Monday, March 2, 2009

Design of electricity markets (and salute to Bob Wilson)

For roughly the retail price of 1200 kilowatt hours of electricity, you can buy the Elsevier book Competitive Electricity Markets: Design, Implementation, Performance . (It seems to have been out for almost a year, but I've just noticed it now...)

I haven't read it yet, but the first chapter looks worthwhile: it is by Hung-Po Chao, Shmuel Oren, and Robert Wilson, and is called "Reevaluation of Vertical Integration and Unbundling in Restructured Electricity Markets."
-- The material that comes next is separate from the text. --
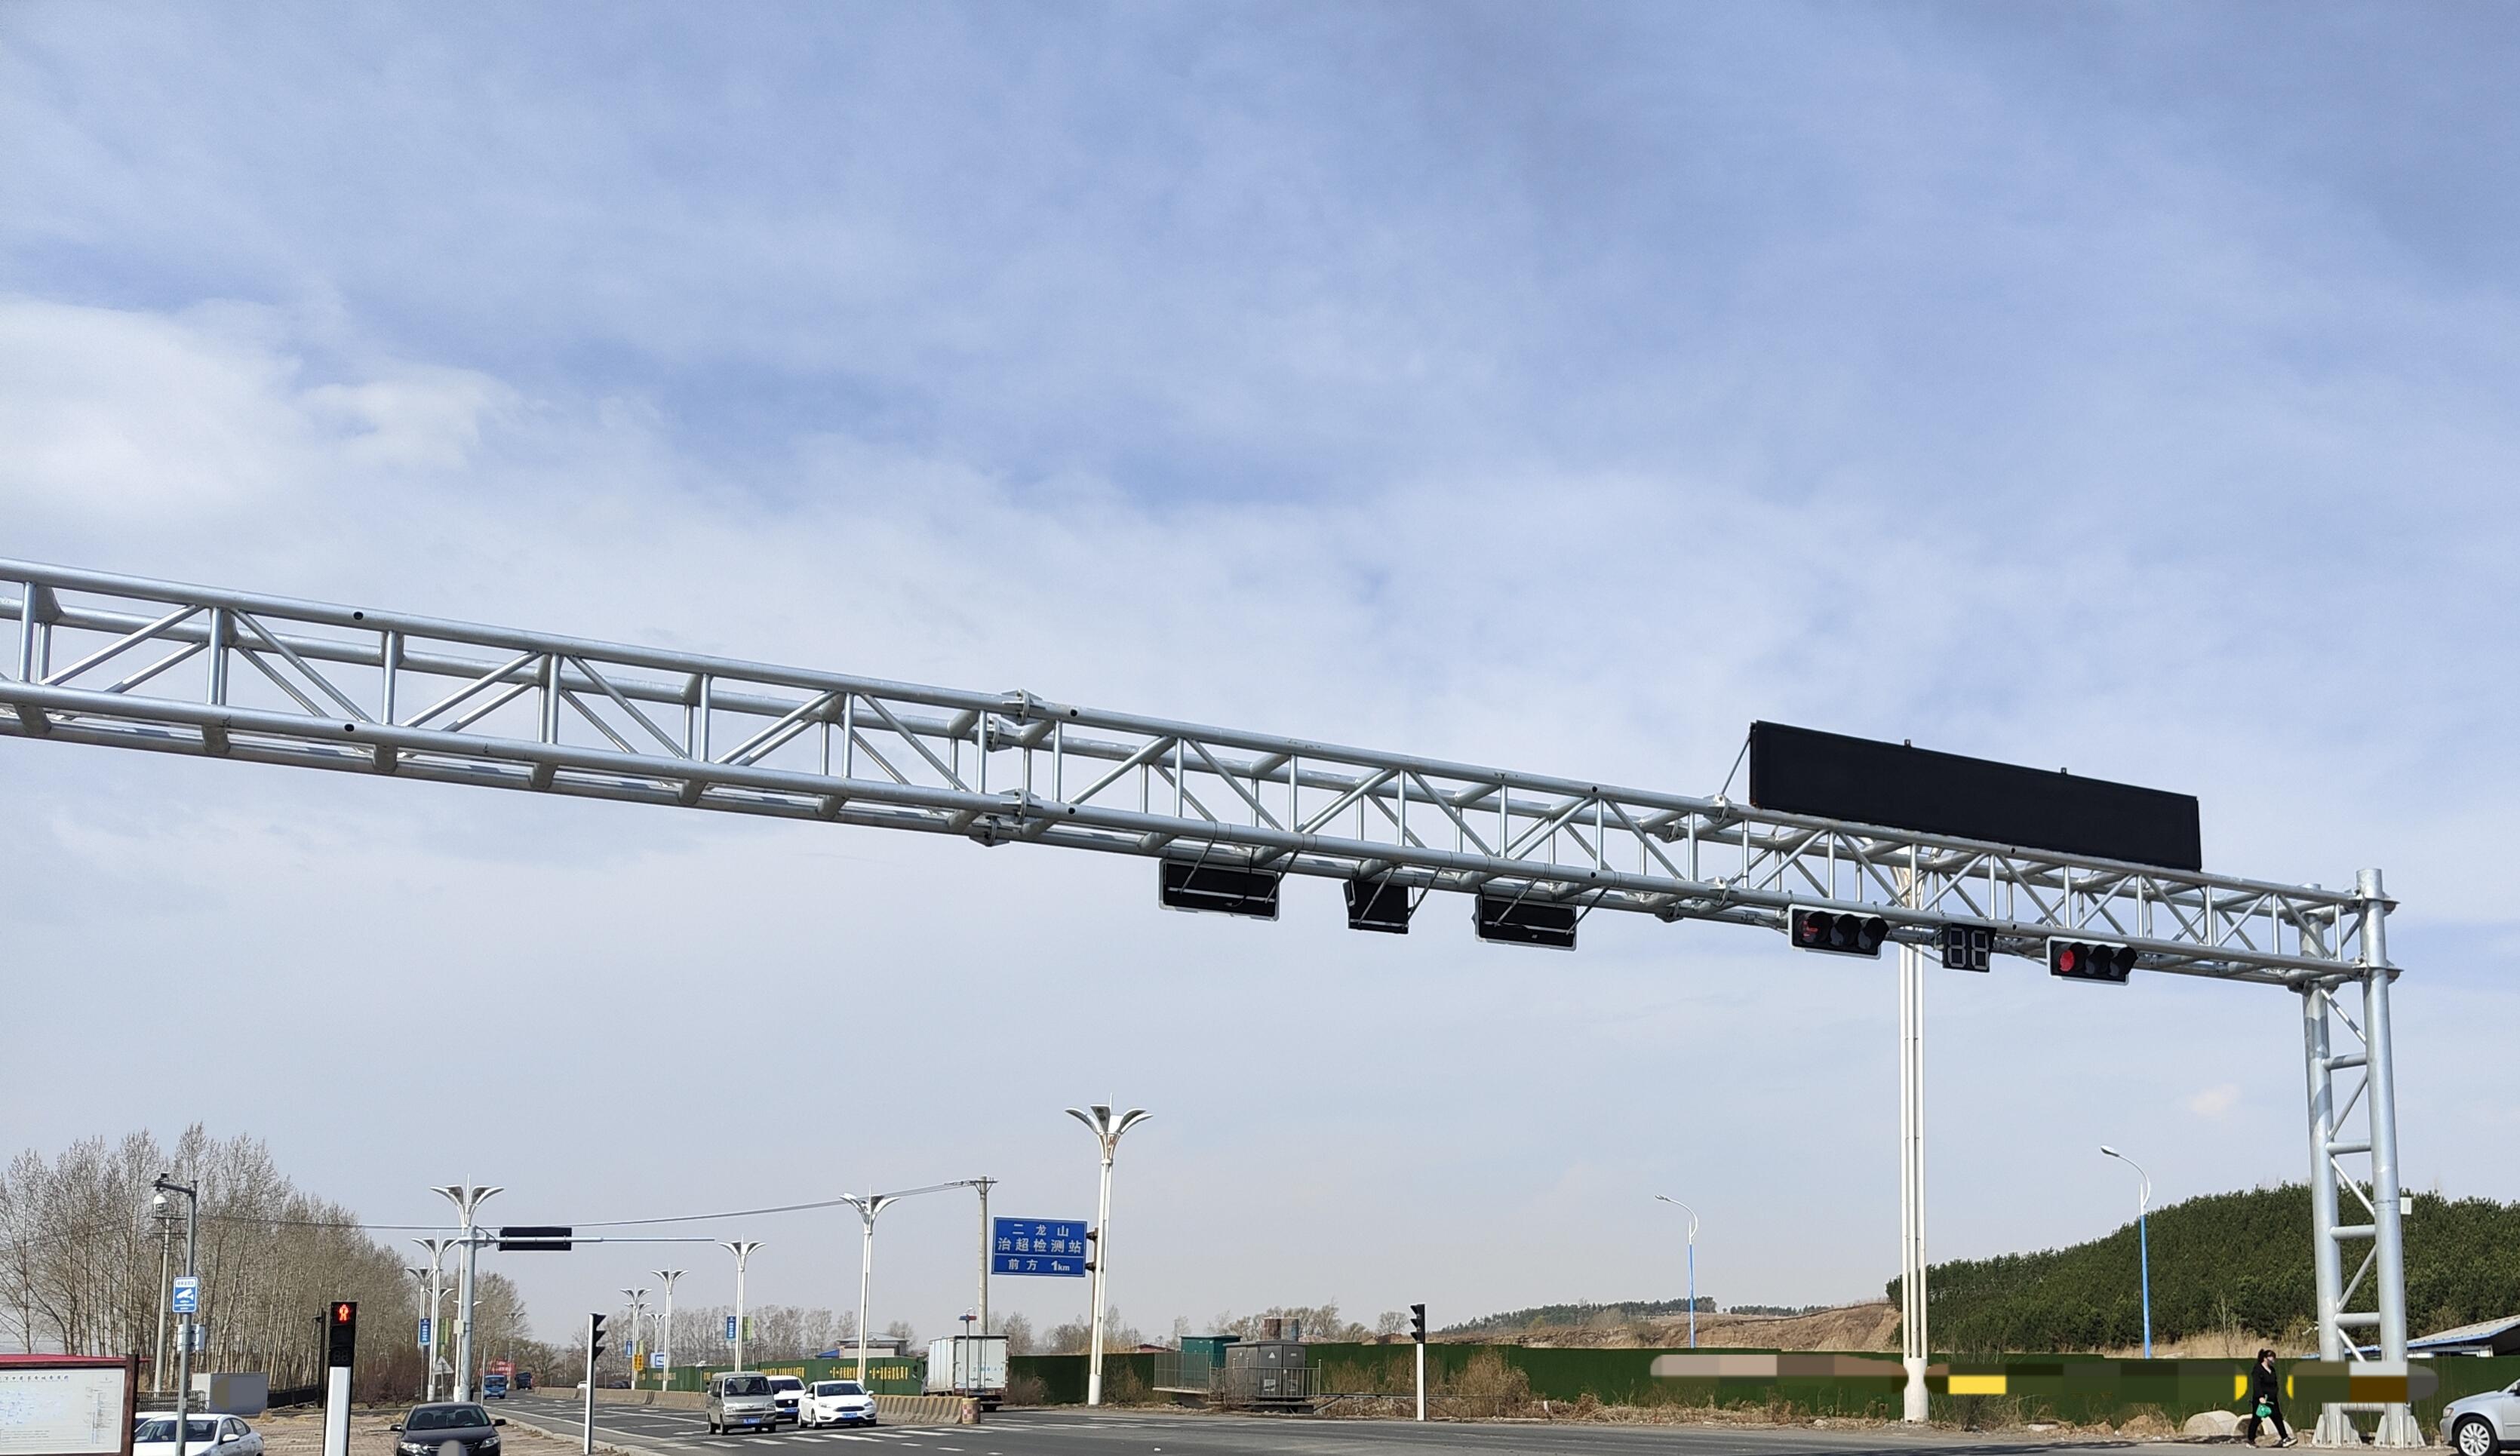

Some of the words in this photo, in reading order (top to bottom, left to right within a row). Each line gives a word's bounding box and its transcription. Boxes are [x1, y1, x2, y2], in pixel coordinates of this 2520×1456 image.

[1012, 1224, 1069, 1237] 二龙山
[997, 1237, 1082, 1254] 治超检测站
[1008, 1258, 1038, 1270] 前方
[1051, 1261, 1070, 1271] 1km
Bob Wilson is of course the dean of design, one of the pioneers not only of the design of electricity markets, but of auction design generally. Here are some of his papers. (And for those of you who come only recently to the economics biz, and don't know what a role model looks like, here is his cv.) Chao and Oren and Wilson seem to have published their first joint paper on electricity in 1986.
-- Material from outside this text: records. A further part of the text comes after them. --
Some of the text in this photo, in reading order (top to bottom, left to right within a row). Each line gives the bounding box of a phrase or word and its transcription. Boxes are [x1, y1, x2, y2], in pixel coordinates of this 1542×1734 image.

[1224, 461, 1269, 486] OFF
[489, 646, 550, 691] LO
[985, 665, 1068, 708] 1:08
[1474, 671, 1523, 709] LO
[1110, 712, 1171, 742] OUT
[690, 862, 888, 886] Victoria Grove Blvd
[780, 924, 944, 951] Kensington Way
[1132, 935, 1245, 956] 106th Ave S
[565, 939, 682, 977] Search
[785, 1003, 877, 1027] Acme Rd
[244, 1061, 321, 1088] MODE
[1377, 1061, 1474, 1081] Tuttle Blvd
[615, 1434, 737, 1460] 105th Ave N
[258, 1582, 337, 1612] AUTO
While I'm remembering, I'm reminded that Bob's students produced an online Festschrift in his honor in 2002, called Game Theory in the Tradition of Bob Wilson. Here are the first paragraphs of the introduction, which was written by Bengt Holmstrom, Paul Milgrom, and myself.

"One of the nicer events in academic life is when we pause to recognize a scholar whose work is unusually important and influential, whose work marks the start of a new tradition.

"When that scholar is also a great teacher and advisor, his students have the added pleasure of recalling his influence on them, and how it is reflected both in their own scholarship, and in how they teach and advise their own students. Students are the generations through which traditions are transmitted. This volume of selected published papers by Bob’s students, accompanied by new introductory essays, is a celebration of Bob’s tradition, by those of us who had the exceptional good fortune to receive it at first hand.

"And what is this tradition? Scholarship as varied and wide ranging as Bob’s defies easy characterization. He was among the first to recognize that it was going to be of the utmost importance for game theorists to understand how information is distributed and manipulated, concealed, and revealed. He was among the first to emphasize the importance in strategic calculations of players’ beliefs about what other players would do, even in situations that were not anticipated to arise. But what especially marks him as a leader among the great economists of his generation is his view of the role of theory. In his understated way, he wrote in the preface to his book Nonlinear Pricing: “The value of theory is its usefulness in addressing practical problems. . . ” And he went on to reflect on the role of practical problems in his own scholarly development: “. . . for the theorist, the problems encountered by practitioners provide a wealth of topics.”

"So, game theory in the tradition of Bob Wilson is game theory in the service of economics as a confident, practical, useful discipline. And research in the style of Bob Wilson is work that takes its inspiration not only from a wide reading and deep understanding of the work of other academics, but also from the ordinary stuff of economic life. In this spirit, Bob’s work has produced not only acute conceptual insights of great generality, but also advice about and solutions to knotty problems of strategy and design."